** Opening Records provided block **

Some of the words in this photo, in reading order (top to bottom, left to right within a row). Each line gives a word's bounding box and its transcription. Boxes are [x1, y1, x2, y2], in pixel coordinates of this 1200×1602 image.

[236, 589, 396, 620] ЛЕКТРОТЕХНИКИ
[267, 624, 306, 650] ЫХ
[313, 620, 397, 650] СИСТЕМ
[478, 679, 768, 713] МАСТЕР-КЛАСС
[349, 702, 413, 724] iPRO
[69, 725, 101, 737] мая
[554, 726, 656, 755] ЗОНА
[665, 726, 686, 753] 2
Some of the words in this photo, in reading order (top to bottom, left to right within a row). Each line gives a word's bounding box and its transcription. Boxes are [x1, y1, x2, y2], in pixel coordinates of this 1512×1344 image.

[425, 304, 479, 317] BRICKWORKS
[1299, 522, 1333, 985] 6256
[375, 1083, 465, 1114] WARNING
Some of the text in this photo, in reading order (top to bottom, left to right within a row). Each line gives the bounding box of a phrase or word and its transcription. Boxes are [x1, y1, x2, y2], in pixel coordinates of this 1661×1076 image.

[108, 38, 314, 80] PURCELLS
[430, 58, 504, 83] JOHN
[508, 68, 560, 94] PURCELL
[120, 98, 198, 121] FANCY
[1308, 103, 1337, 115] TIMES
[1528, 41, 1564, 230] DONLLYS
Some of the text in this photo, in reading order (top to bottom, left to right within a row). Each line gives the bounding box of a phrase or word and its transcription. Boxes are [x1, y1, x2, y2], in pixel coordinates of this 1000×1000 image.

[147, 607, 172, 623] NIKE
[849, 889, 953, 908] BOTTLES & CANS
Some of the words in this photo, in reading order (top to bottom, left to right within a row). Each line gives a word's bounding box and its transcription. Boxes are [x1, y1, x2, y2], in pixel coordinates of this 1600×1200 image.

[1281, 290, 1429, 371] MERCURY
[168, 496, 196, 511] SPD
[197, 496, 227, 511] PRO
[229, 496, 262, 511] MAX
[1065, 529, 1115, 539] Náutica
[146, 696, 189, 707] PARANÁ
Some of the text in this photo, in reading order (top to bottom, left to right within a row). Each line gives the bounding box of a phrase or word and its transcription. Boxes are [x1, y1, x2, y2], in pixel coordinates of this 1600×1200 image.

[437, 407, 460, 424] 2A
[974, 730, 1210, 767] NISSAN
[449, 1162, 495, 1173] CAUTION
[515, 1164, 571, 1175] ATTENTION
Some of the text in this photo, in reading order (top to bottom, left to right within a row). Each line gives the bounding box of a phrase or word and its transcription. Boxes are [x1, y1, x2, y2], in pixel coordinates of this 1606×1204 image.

** Closing Records provided block **

- [Task prompt]
Each record above is to be reproduced verbatim.

- [Answer to the exercise]
Some of the words in this photo, in reading order (top to bottom, left to right within a row). Each line gives a word's bounding box and its transcription. Boxes are [x1, y1, x2, y2], in pixel coordinates of this 1200×1602 image.

[236, 589, 396, 620] ЛЕКТРОТЕХНИКИ
[267, 624, 306, 650] ЫХ
[313, 620, 397, 650] СИСТЕМ
[478, 679, 768, 713] МАСТЕР-КЛАСС
[349, 702, 413, 724] iPRO
[69, 725, 101, 737] мая
[554, 726, 656, 755] ЗОНА
[665, 726, 686, 753] 2
Some of the words in this photo, in reading order (top to bottom, left to right within a row). Each line gives a word's bounding box and its transcription. Boxes are [x1, y1, x2, y2], in pixel coordinates of this 1512×1344 image.

[425, 304, 479, 317] BRICKWORKS
[1299, 522, 1333, 985] 6256
[375, 1083, 465, 1114] WARNING
Some of the text in this photo, in reading order (top to bottom, left to right within a row). Each line gives the bounding box of a phrase or word and its transcription. Boxes are [x1, y1, x2, y2], in pixel coordinates of this 1661×1076 image.

[108, 38, 314, 80] PURCELLS
[430, 58, 504, 83] JOHN
[508, 68, 560, 94] PURCELL
[120, 98, 198, 121] FANCY
[1308, 103, 1337, 115] TIMES
[1528, 41, 1564, 230] DONLLYS
Some of the text in this photo, in reading order (top to bottom, left to right within a row). Each line gives the bounding box of a phrase or word and its transcription. Boxes are [x1, y1, x2, y2], in pixel coordinates of this 1000×1000 image.

[147, 607, 172, 623] NIKE
[849, 889, 953, 908] BOTTLES & CANS
Some of the words in this photo, in reading order (top to bottom, left to right within a row). Each line gives a word's bounding box and its transcription. Boxes are [x1, y1, x2, y2], in pixel coordinates of this 1600×1200 image.

[1281, 290, 1429, 371] MERCURY
[168, 496, 196, 511] SPD
[197, 496, 227, 511] PRO
[229, 496, 262, 511] MAX
[1065, 529, 1115, 539] Náutica
[146, 696, 189, 707] PARANÁ
Some of the text in this photo, in reading order (top to bottom, left to right within a row). Each line gives the bounding box of a phrase or word and its transcription. Boxes are [x1, y1, x2, y2], in pixel coordinates of this 1600×1200 image.

[437, 407, 460, 424] 2A
[974, 730, 1210, 767] NISSAN
[449, 1162, 495, 1173] CAUTION
[515, 1164, 571, 1175] ATTENTION
Some of the text in this photo, in reading order (top to bottom, left to right within a row). Each line gives the bounding box of a phrase or word and its transcription. Boxes are [x1, y1, x2, y2], in pixel coordinates of this 1606×1204 image.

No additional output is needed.